A total of twelve teams contested the championship, the same number of participants from the previous championship. There were no new entrants.

===Team summaries===

| Team | Colours | Most recent success |  |  |
| All-Ireland | Provincial | League |
| Clare | Saffron and blue | 1914 | 1914 |  |
| Cork | Red and white | 1929 | 1929 | 1929–30 |
| Dublin | Blue and navy | 1927 | 1928 | 1928–29 |
| Galway | Maroon and white | 1923 |  |  |
| Kilkenny | Black and amber | 1922 | 1926 |  |
| Laois | Blue and white | 1915 | 1915 |  |
| Limerick | Green and white | 1921 | 1923 |  |
| Meath | Green and gold |  |  |  |
| Offaly | Green, white and gold |  |  |  |
| Tipperary | Blue and gold | 1925 | 1925 | 1927–28 |
| Waterford | White and blue |  |  |  |
| Wexford | Purple and gold | 1910 | 1918 |  |

==Results==
===Leinster Senior Hurling Championship===

First round

18 May 1930
Wexford 3-02 - 5-02 Laois
18 May 1930
Meath 4-01 - 3-02 Offaly
  Meath: Doran 2–0, Finn 1–0, Martin Doherty 1–0, Mick Doherty 0–1.
  Offaly: Coughlan 1–0, Dooley 0–1, Grogan 0–1.

Semi-finals

29 June 1930
Laois 2-04 - 1-05 Kilkenny
  Laois: R Delaney 1–0, T Ryan 1–0, P Drennan 0–2, R Warner 0–2.
  Kilkenny: E Dunphy 1–0, Brennan 0–2, P Whelan 0–1, P Walsh 0–1, L Meagher 0–1.
13 July 1030
Meath 0-01 - 3-05 Dublin
  Meath: S Ó Foinn 0–1.
  Dublin: S Hegarty 1–3, M Power 1–1, T Burke 1–1.

Final

3 August 1930
Dublin 4-07 - 2-02 Laois
  Dublin: S Hegarty 1–2, Matty Power 1–2, T Burke 1–0, C Griffin 1–0, J Leeson 0–2, T Quinlan 0–1.
  Laois: M Lalor 1–0, F Warner 1–0, J Cashin 0–2.

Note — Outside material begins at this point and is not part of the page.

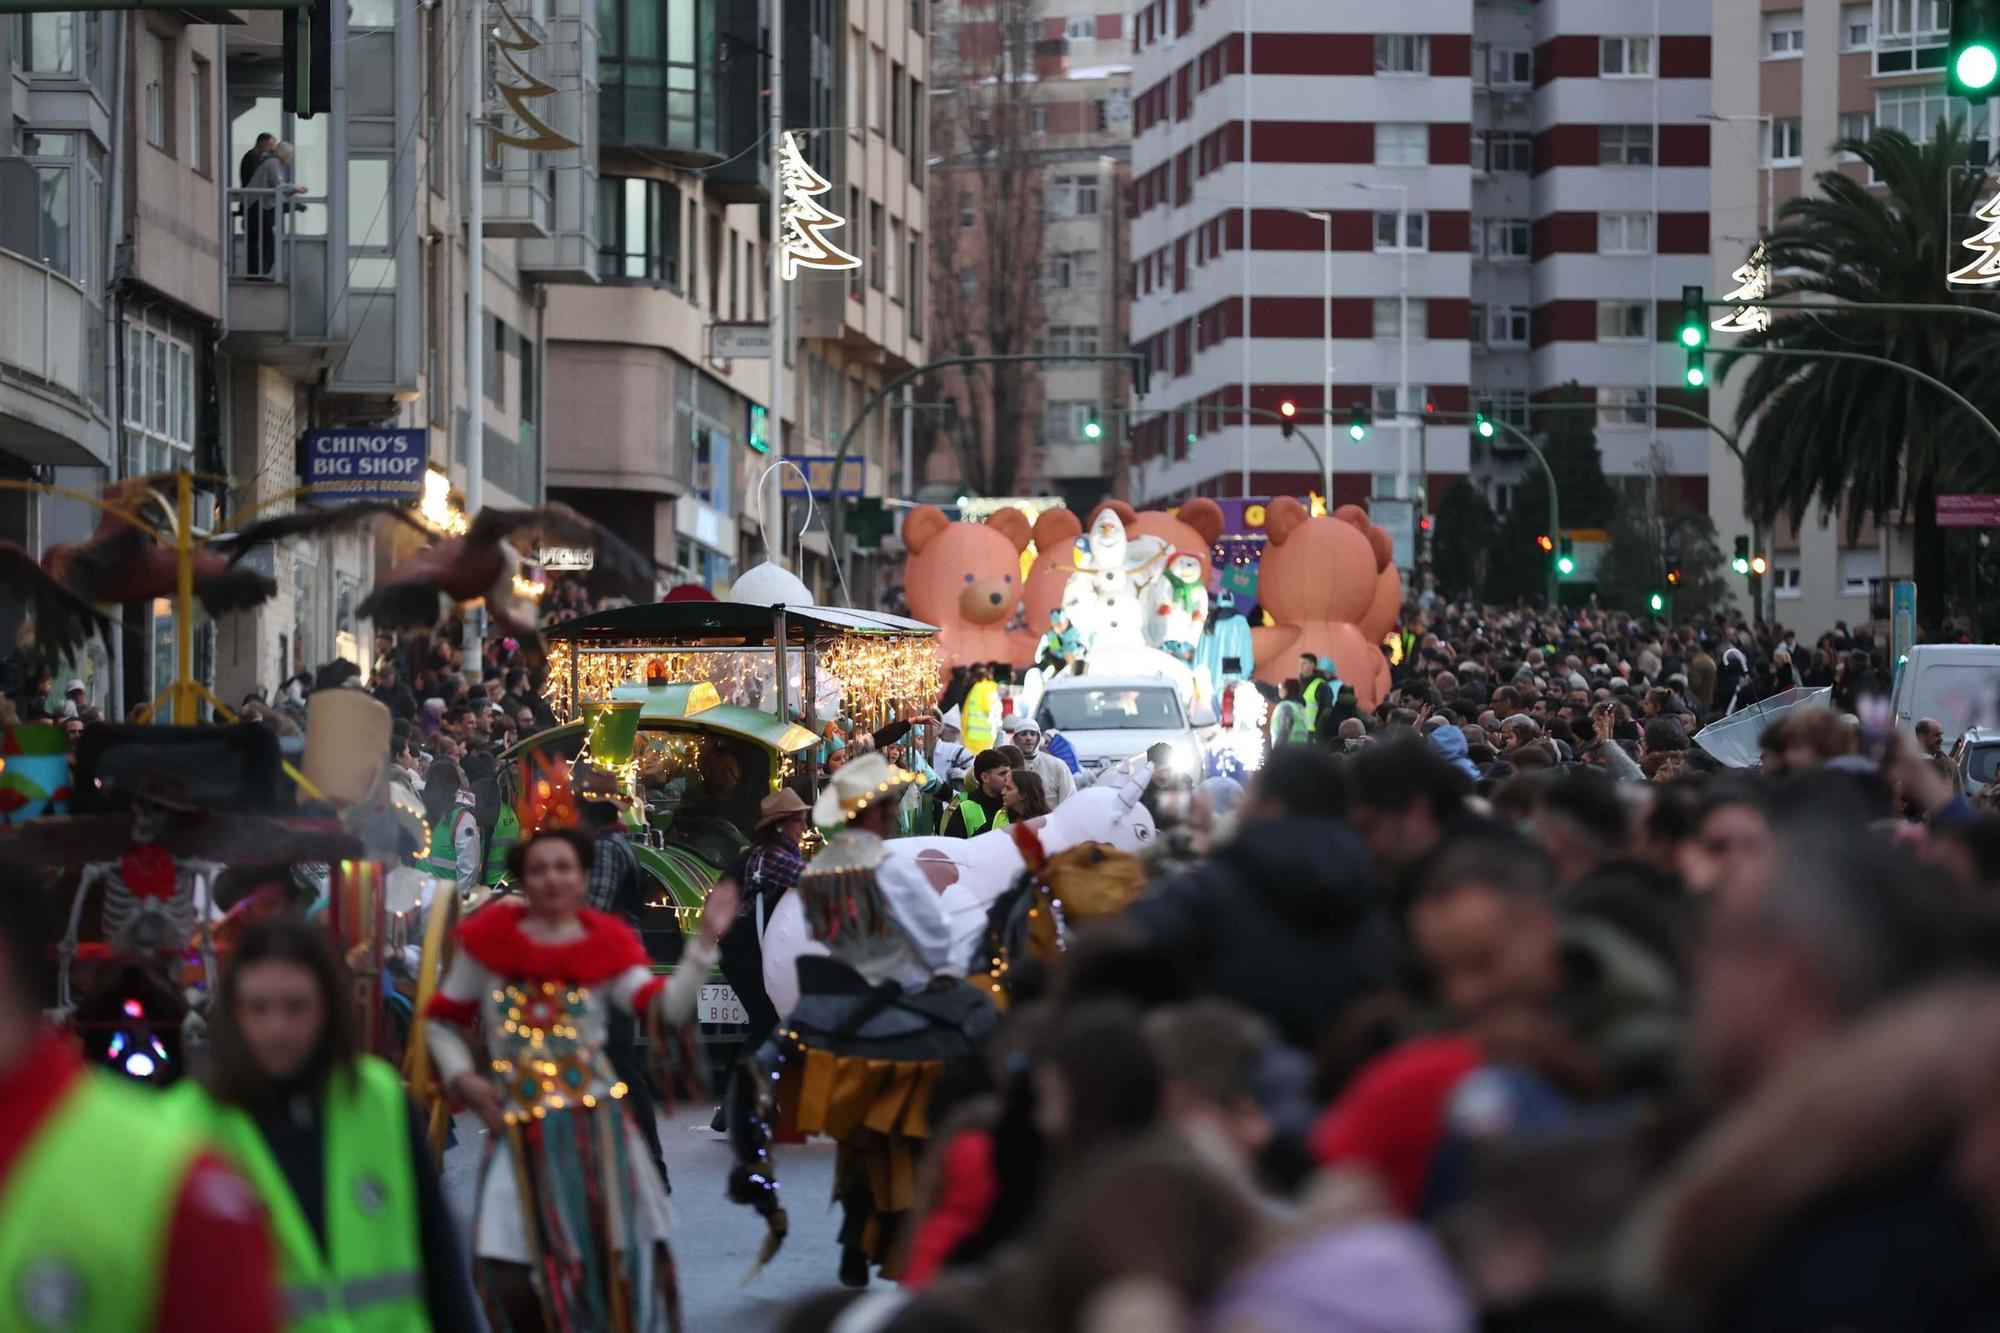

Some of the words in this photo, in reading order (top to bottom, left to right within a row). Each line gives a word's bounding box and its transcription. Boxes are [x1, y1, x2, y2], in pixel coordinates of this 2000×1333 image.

===Munster Senior Hurling Championship===

First round

25 May 1930
Waterford 3-04 - 3-03 Limerick
  Waterford: O'Keeffe 1–1, Fanning 1–0, C Ware 1–0, Power 0–2, Wyse 0–1.
  Limerick: O'Brien 1–0, Condon 1–0, Breen 1–0, McConnachie 0–1, Gleeson 0–1.

Semi-finals

6 July 1930
Cork 5-06 - 6-06 Clare
  Cork: M Ahern 2–1, P Ahern 2–0, W Clancy 1–1, E Coughlan 0–2, M Hurley 0–2.
  Clare: T O'Rourke 2–1, T Burnell 2–0, M O'Rourke 1–0, L Blake 1–0, J Gleeson 0–3, M Falvey 0–1, T Considine 0–1.
13 July 1930
Waterford 0-01 - 2-05 Tipperary

Final

27 July 1930
Tipperary 6-04 - 2-08 Clare
  Tipperary: T Leahy 3–1, JJ Callanan 2–0, M Kennedy 1–0, P Cahill 0–2, T Treacy 0–1.
  Clare: M Falvey 2–2, B Considine 0–2, J Gleeson 0–2, M Connery 0–1, T O'Rourke 0–1.

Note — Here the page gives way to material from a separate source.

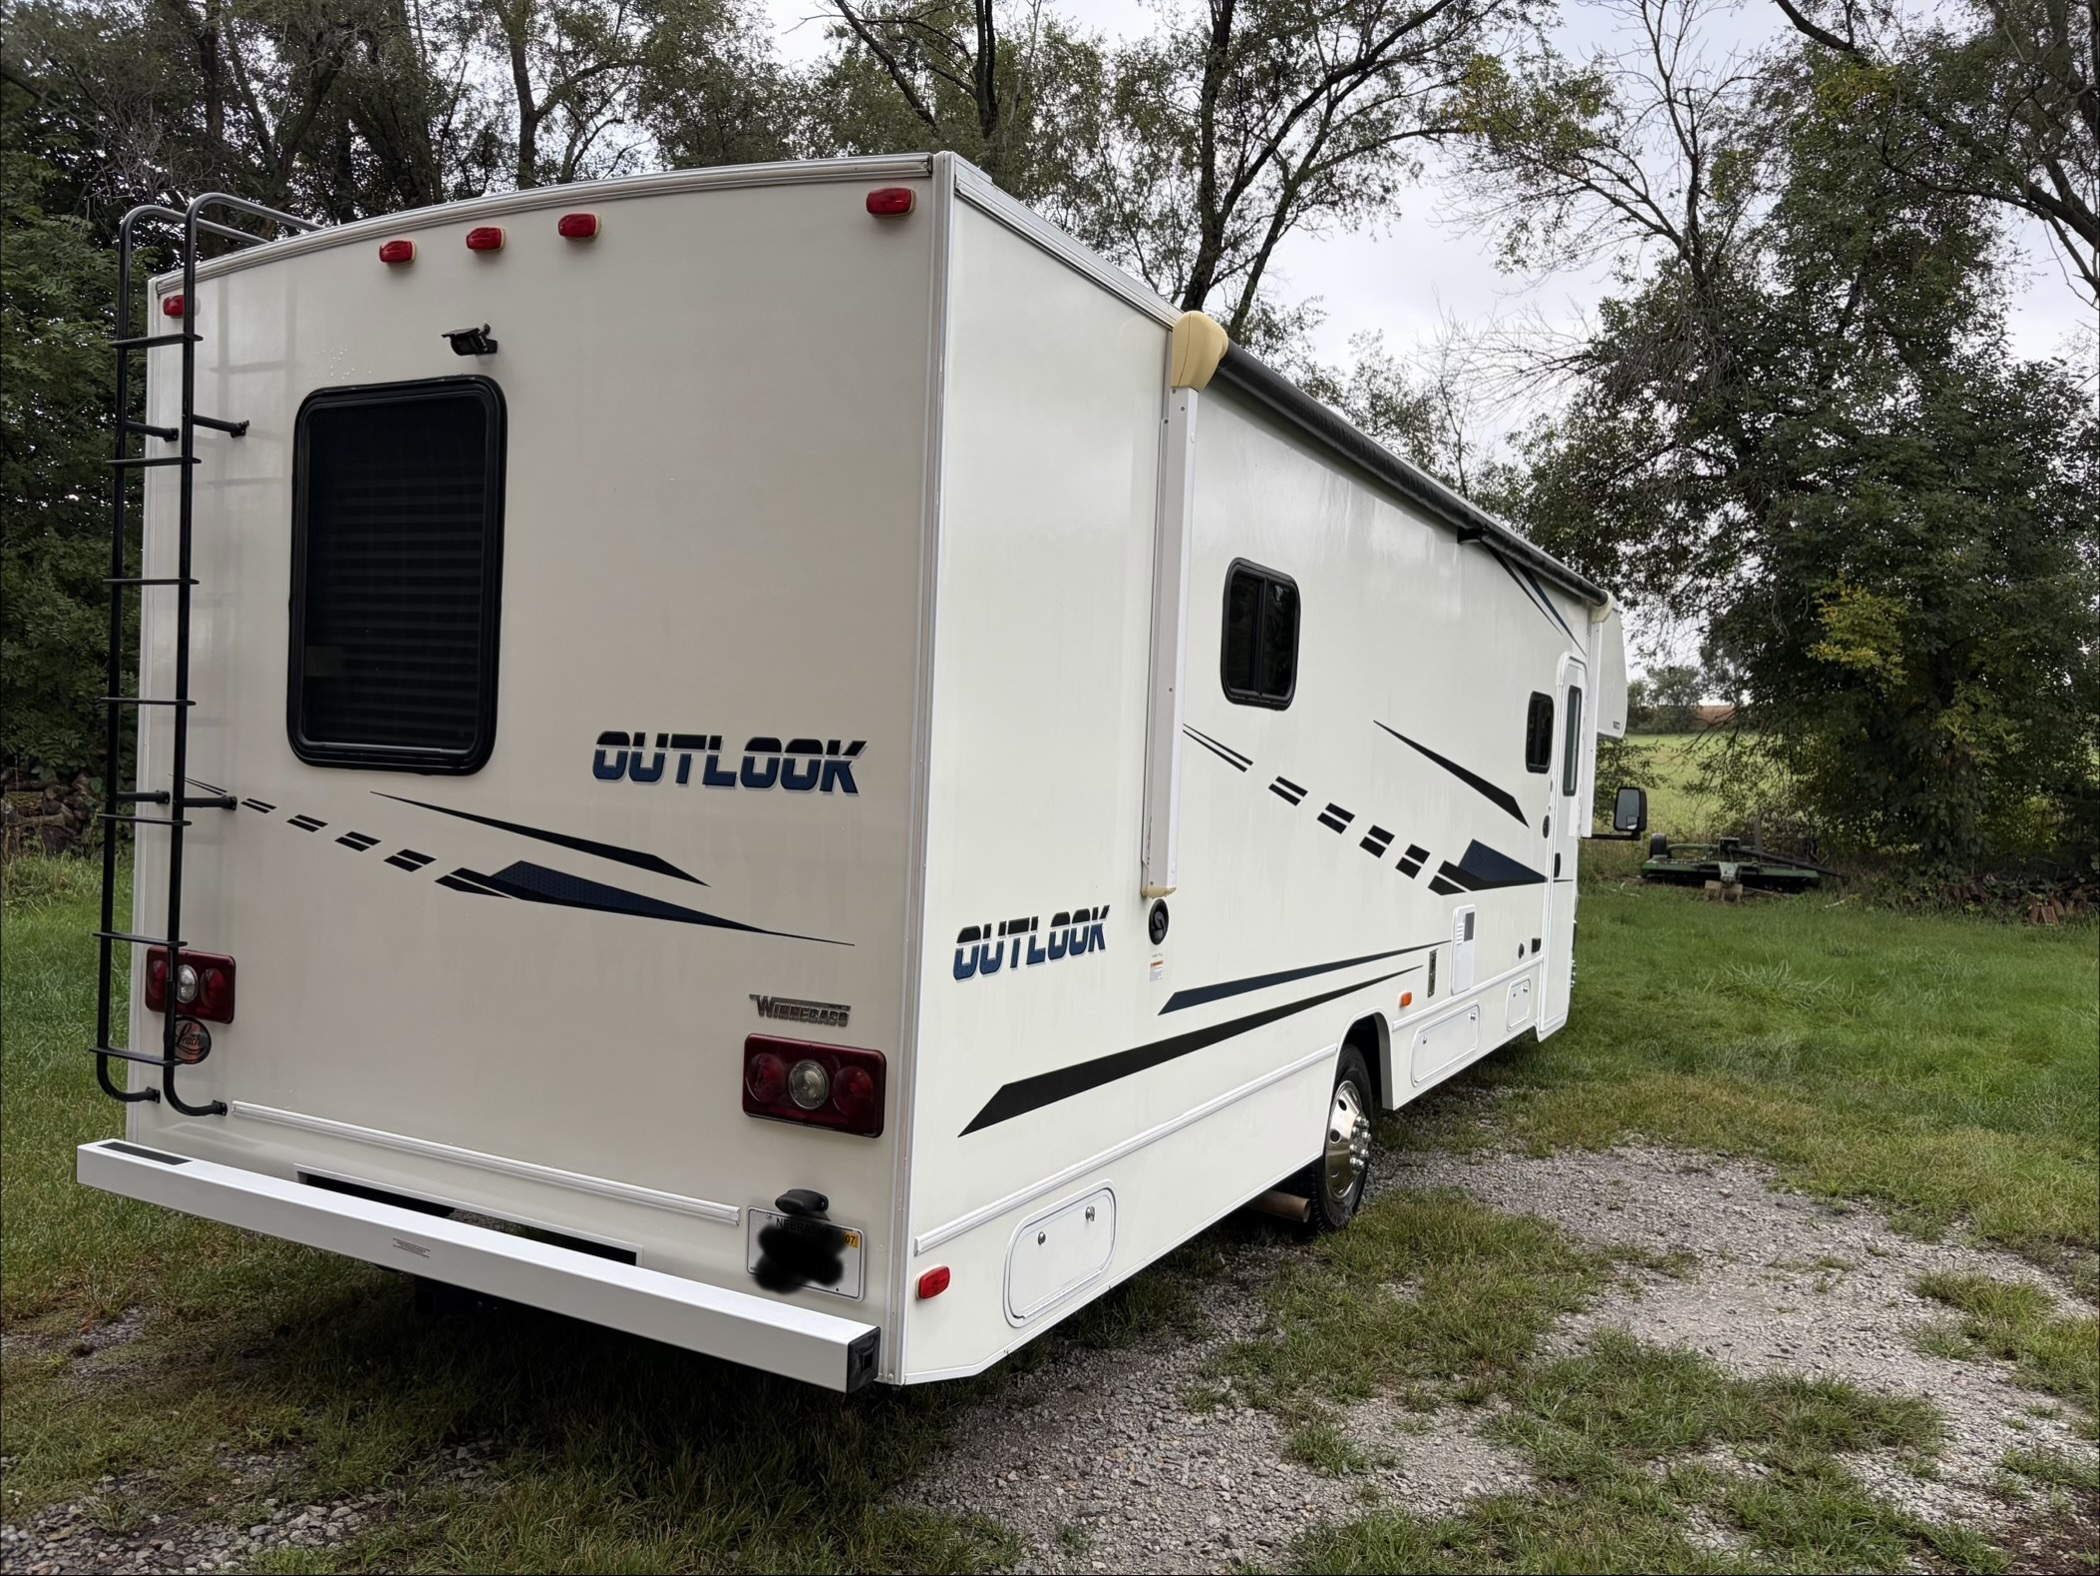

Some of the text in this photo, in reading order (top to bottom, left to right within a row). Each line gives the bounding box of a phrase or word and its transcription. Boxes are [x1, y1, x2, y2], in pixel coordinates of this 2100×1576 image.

===All-Ireland Senior Hurling Championship===

Semi-final

17 August 1930
Dublin 6-08 - 2-04 Galway

Final

7 September 1930
Tipperary 5-06 - 3-06 Dublin

==Championship statistics==
===Miscellaneous===

- On 13 July 1930, the Munster semi-final between Tipperary and Waterford ended in disarray after the referee, Seán Óg Murphy, attempted to send off John and Charlie Ware of Waterford and John Joe Callanan of Tipperary. The Waterford players refused to leave and there was a delay of 12 minutes. The referee awarded the match to Tipperary.
- Tipperary become the first team to win the Triple Crown of hurling by winning the All-Ireland titles in the senior, junior and minor grades.

==Sources==

- Corry, Eoghan, The GAA Book of Lists (Hodder Headline Ireland, 2005).
- Donegan, Des, The Complete Handbook of Gaelic Games (DBA Publications Limited, 2005).